◆ DATA RECORDS
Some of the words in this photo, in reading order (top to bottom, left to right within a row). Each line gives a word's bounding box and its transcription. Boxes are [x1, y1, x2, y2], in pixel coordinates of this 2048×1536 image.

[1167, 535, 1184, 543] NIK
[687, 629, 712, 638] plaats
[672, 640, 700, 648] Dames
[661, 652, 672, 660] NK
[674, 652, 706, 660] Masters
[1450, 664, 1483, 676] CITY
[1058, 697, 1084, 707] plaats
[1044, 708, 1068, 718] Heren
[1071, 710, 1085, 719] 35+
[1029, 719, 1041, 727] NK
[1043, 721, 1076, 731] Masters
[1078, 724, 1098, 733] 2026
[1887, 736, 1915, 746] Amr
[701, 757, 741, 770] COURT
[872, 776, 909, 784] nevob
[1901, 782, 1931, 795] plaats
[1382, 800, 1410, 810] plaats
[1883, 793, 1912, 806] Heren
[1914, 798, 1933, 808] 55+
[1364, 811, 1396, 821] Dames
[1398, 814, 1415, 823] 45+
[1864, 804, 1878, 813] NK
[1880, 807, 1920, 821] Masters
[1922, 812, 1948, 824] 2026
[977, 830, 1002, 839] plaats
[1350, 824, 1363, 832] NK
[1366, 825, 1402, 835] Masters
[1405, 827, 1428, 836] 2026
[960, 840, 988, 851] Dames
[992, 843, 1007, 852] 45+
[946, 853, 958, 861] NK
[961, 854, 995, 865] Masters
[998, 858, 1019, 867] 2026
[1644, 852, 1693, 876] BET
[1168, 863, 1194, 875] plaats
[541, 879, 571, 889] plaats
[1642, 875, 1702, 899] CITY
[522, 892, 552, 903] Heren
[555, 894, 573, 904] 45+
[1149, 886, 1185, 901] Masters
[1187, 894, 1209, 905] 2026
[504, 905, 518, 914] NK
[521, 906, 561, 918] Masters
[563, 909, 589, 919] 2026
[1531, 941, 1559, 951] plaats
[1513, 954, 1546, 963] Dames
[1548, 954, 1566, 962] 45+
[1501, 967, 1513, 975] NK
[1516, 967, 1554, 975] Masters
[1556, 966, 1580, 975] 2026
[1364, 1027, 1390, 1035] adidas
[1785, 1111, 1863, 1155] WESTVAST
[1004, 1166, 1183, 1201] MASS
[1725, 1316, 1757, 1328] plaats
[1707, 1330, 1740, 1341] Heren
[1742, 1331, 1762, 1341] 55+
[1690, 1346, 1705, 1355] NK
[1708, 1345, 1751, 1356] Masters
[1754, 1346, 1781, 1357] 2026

◆ WHAT YOU WILL DO
Only a number is expected: how many lines of the data include the string "Dames".

◆ ANSWER TO THIS EXERCISE
4